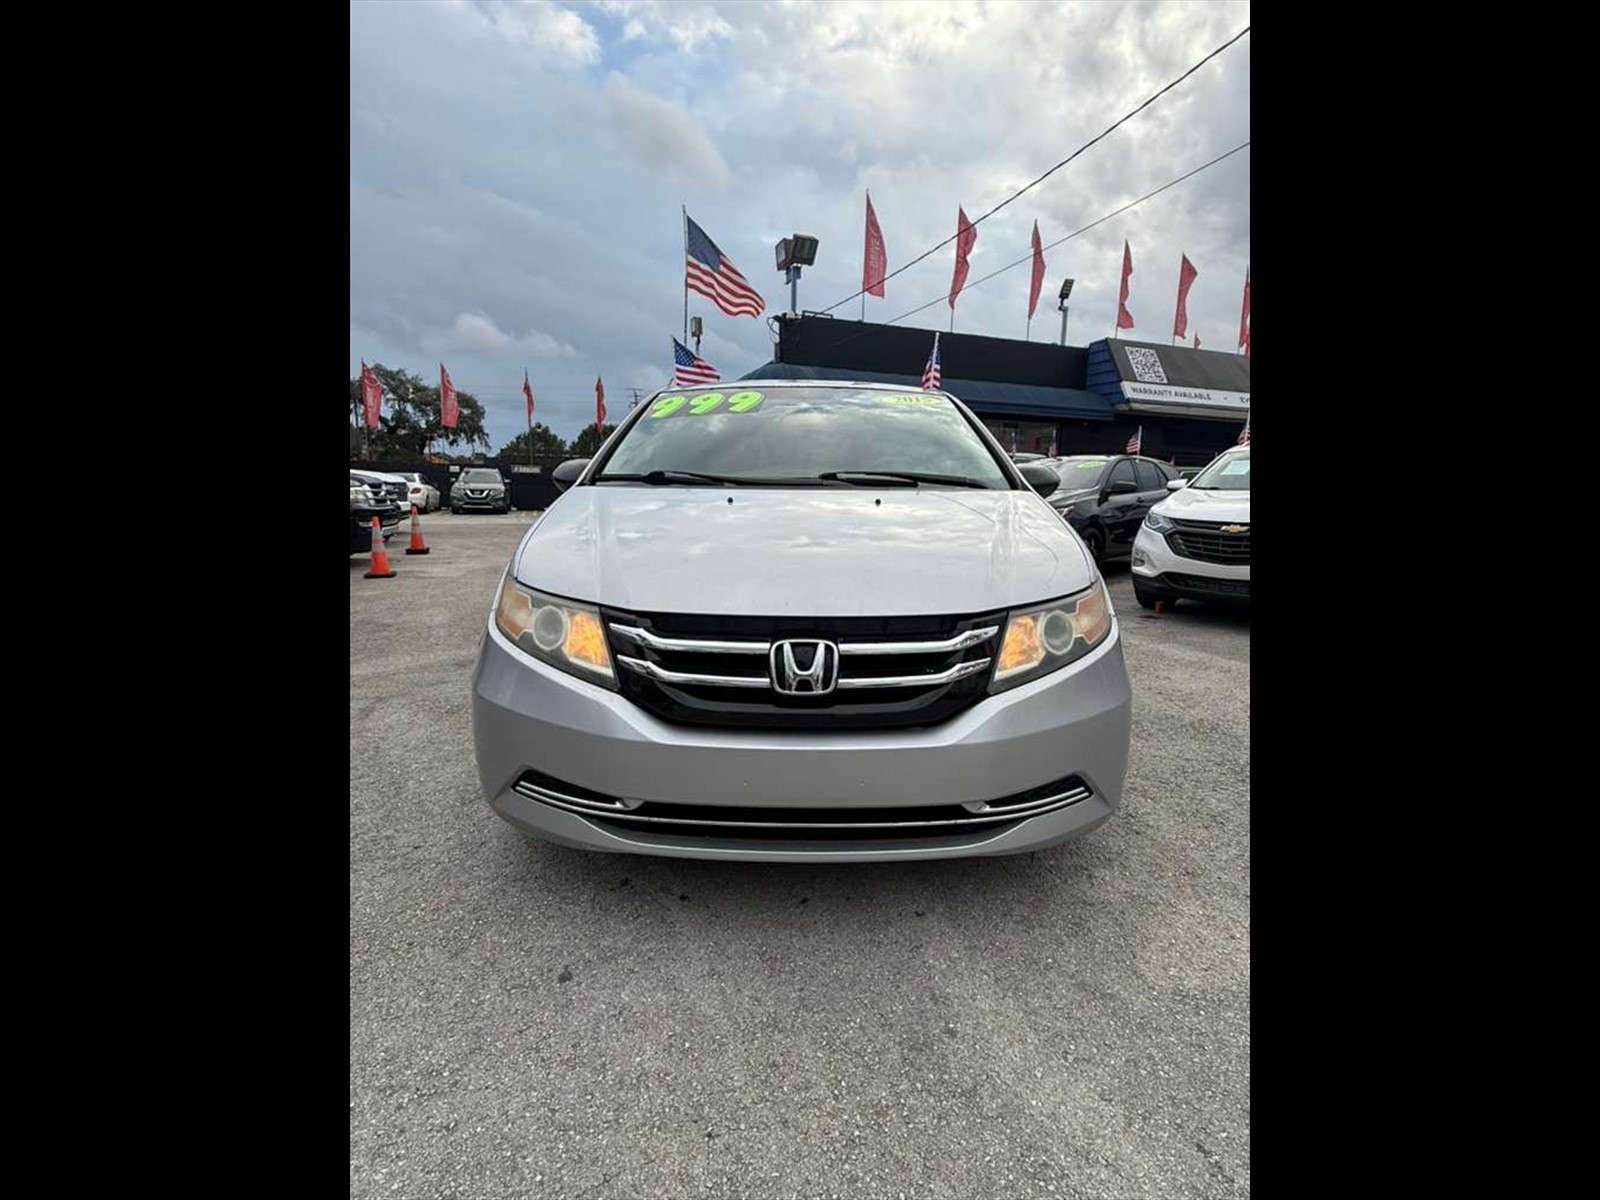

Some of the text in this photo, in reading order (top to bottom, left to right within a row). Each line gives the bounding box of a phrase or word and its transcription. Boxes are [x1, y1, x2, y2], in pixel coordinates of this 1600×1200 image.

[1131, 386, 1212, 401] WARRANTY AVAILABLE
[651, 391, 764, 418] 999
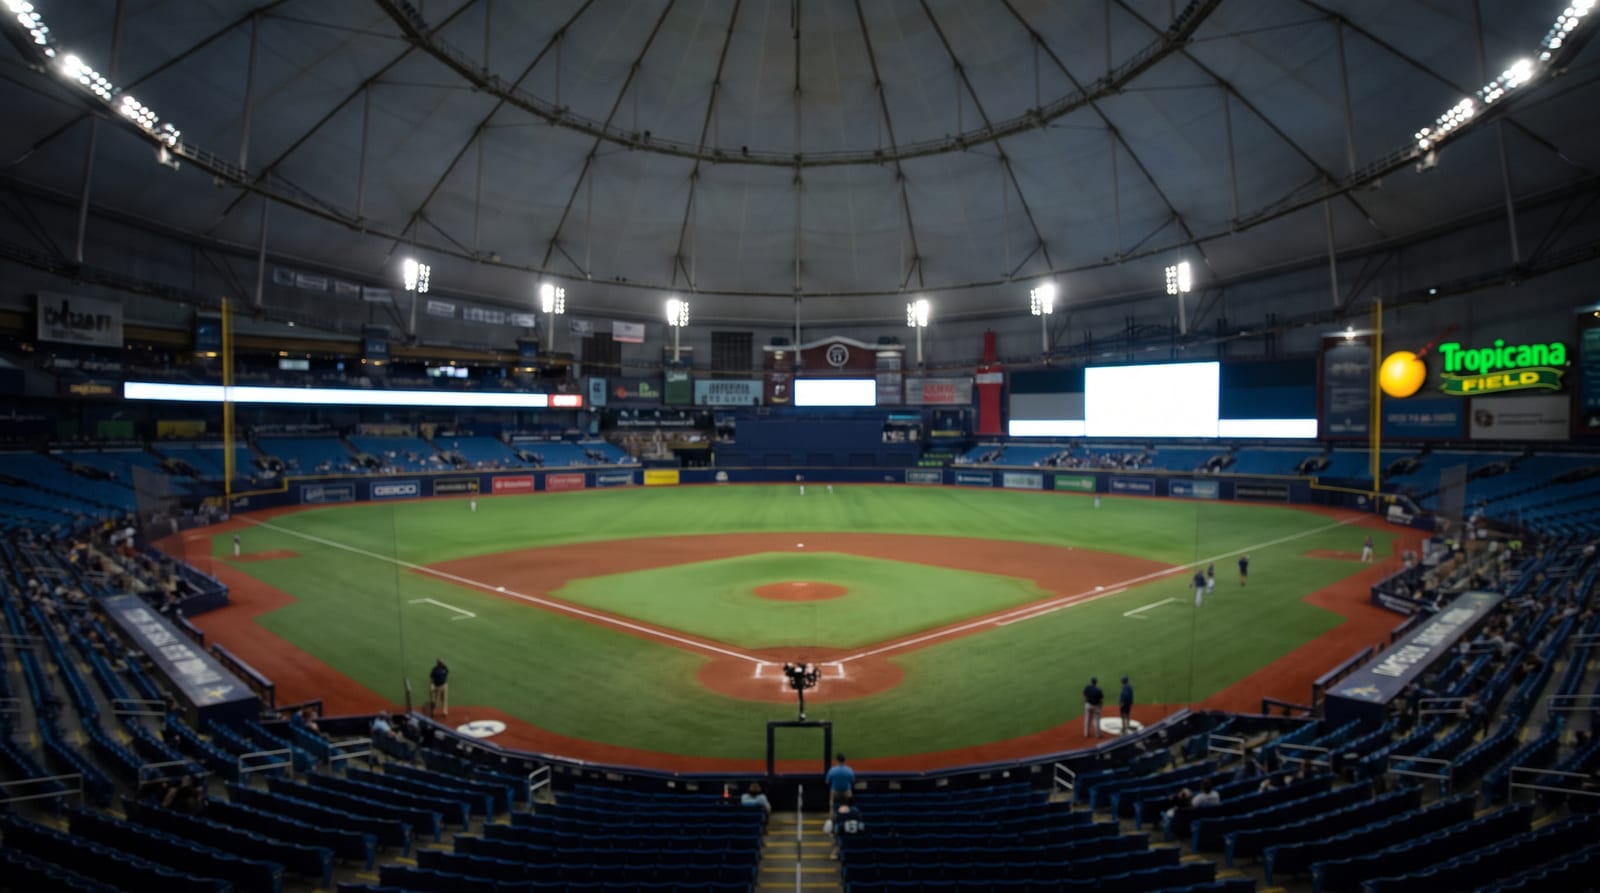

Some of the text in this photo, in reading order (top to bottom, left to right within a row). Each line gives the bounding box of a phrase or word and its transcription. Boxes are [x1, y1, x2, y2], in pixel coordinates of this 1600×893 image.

^^^^

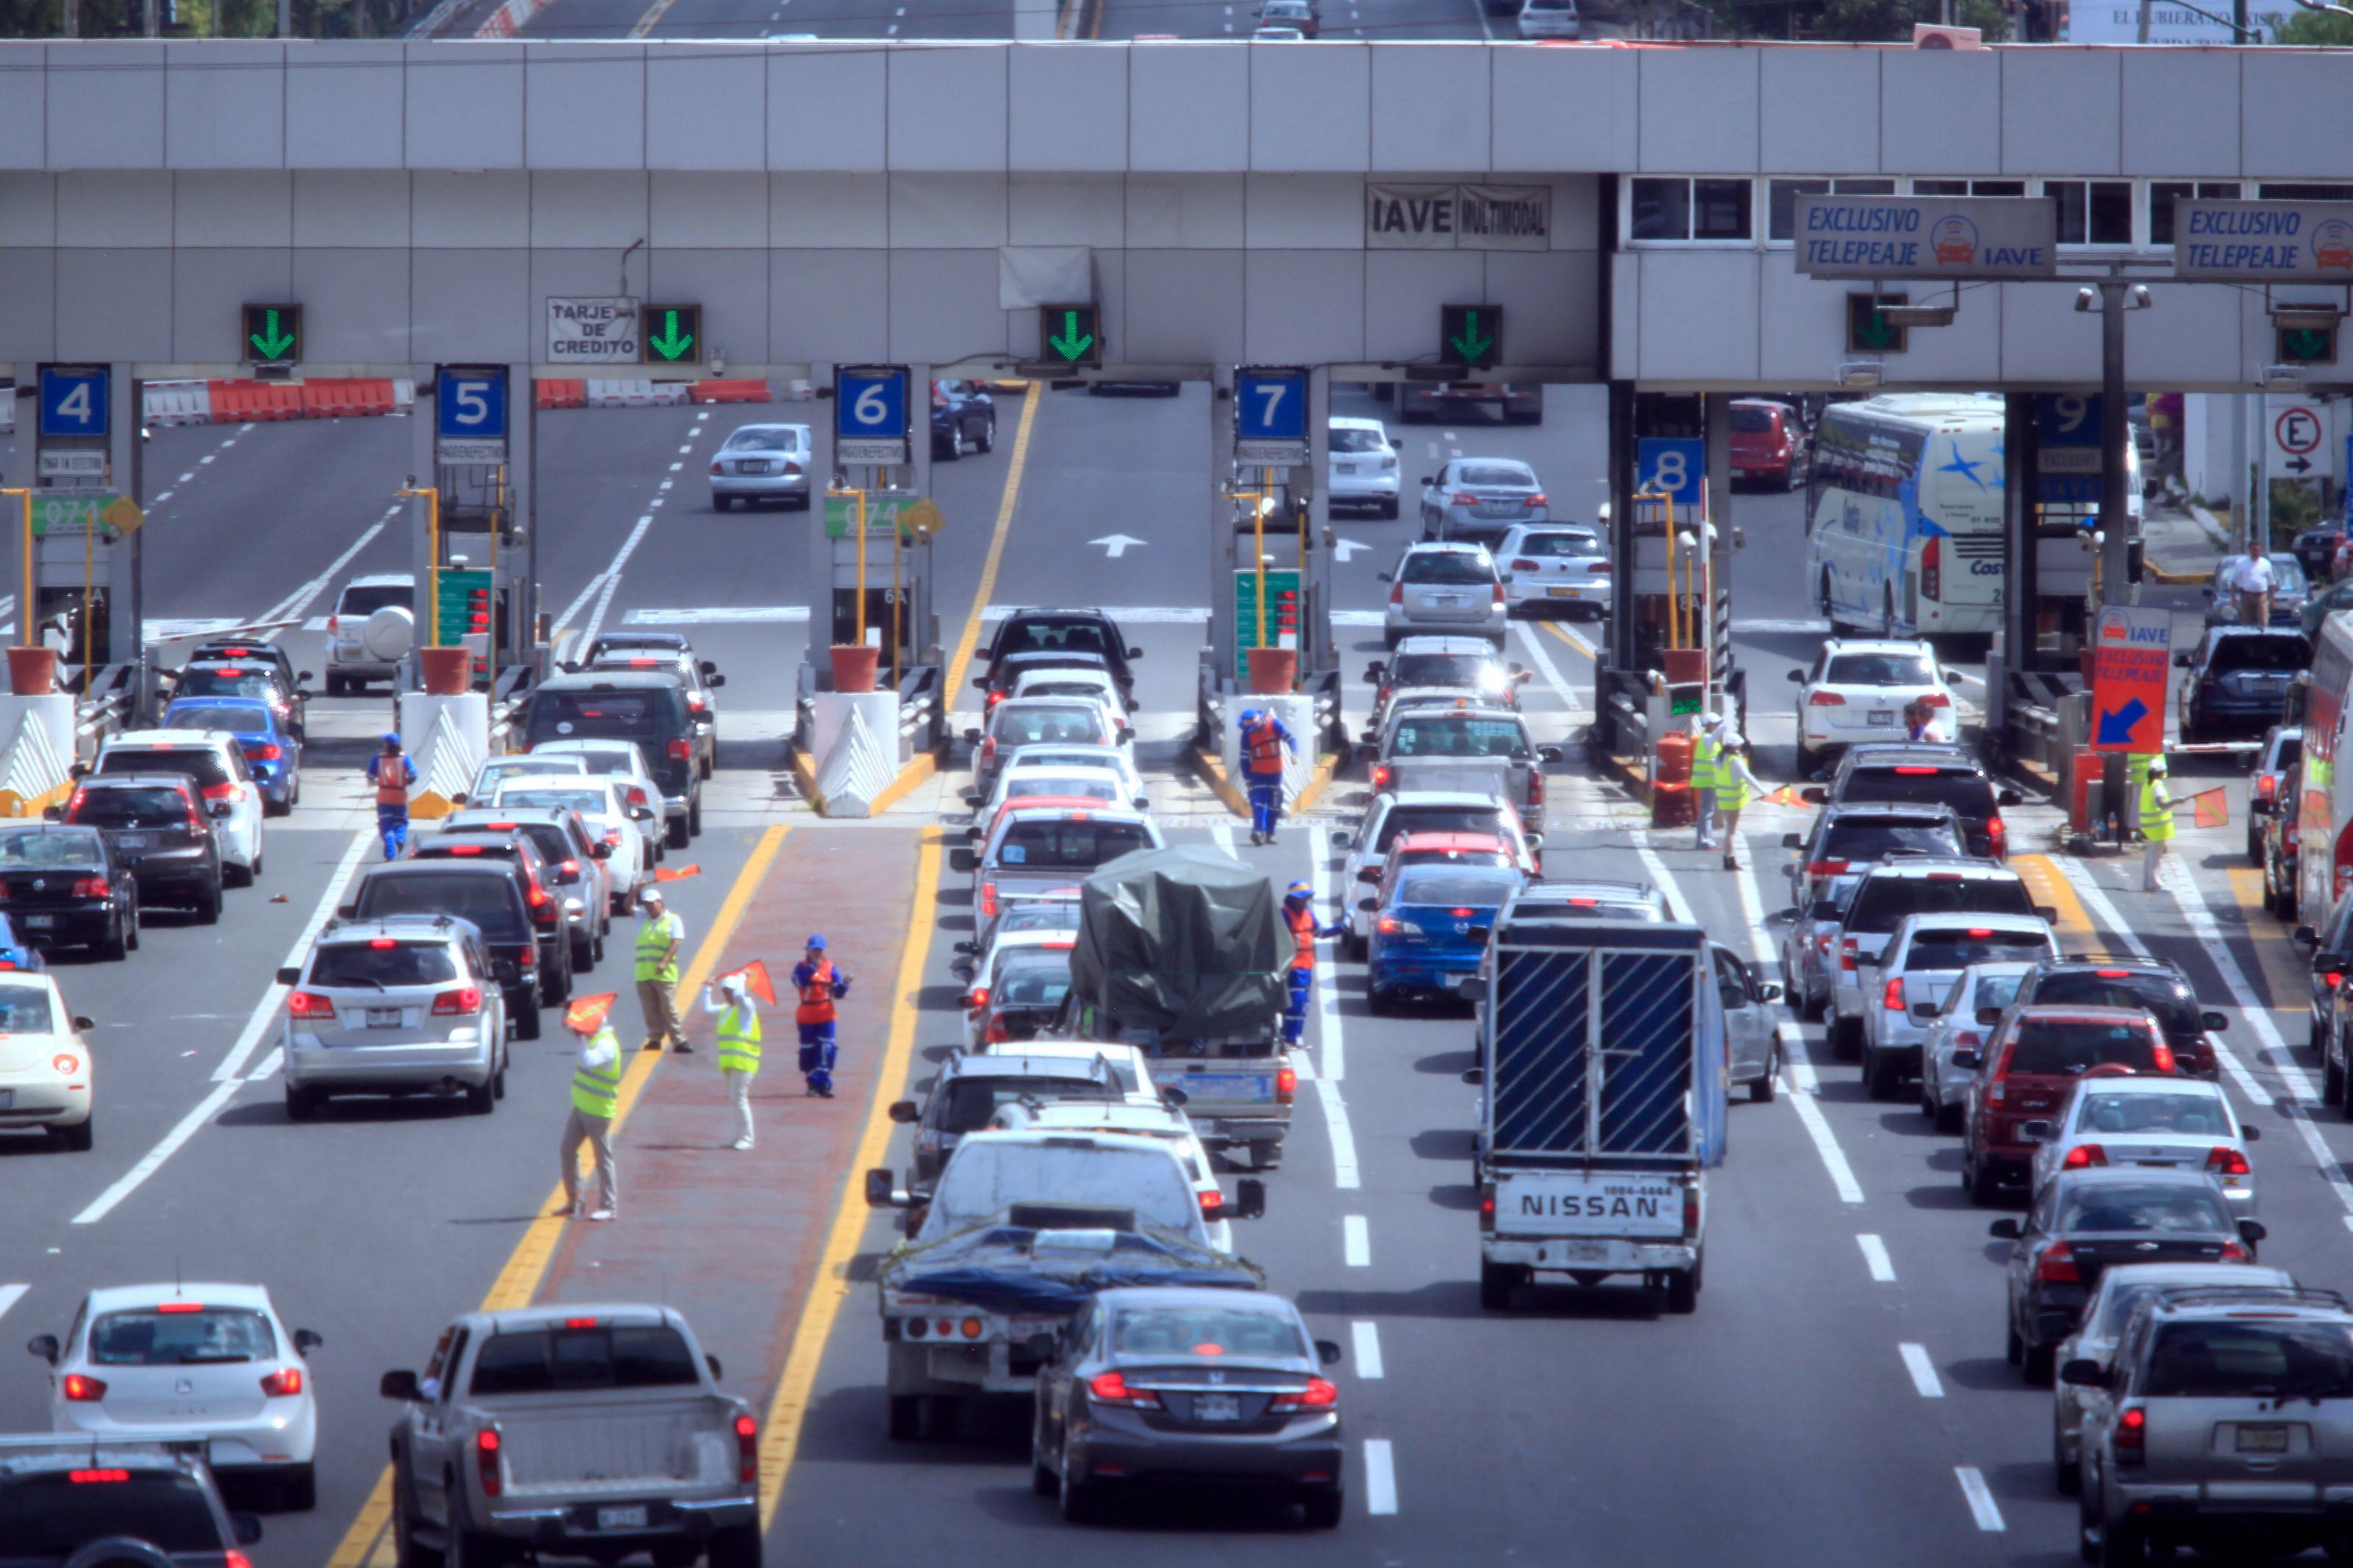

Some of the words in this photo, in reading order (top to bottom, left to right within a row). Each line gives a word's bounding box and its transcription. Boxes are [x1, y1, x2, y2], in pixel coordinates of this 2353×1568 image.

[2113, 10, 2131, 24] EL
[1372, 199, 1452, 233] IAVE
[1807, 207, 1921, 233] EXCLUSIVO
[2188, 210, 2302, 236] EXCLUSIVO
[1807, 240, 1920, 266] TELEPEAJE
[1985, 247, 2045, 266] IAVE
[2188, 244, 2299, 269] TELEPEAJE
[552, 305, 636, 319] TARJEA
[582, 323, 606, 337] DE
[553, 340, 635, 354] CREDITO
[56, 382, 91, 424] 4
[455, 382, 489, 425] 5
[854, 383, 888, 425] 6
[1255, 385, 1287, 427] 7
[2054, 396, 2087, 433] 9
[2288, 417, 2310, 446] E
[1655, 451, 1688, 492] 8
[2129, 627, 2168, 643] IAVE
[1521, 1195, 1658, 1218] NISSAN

^^^^

Look above and copy only the lines from the one holding "this 1600×1200 image." to the one holding "this 1600×893 image.", both included, exactly, minus the pictures.

= Result of this task =
Some of the text in this photo, in reading order (top to bottom, left to right within a row). Each line gives the bounding box of a phrase or word and its transcription. Boxes are [x1, y1, x2, y2], in pixel coordinates of this 1600×1200 image.

[1131, 386, 1212, 401] WARRANTY AVAILABLE
[651, 391, 764, 418] 999

Some of the text in this photo, in reading order (top to bottom, left to right within a row). Each line gives the bounding box of a phrase or word and its transcription. Boxes are [x1, y1, x2, y2], in pixel coordinates of this 1600×893 image.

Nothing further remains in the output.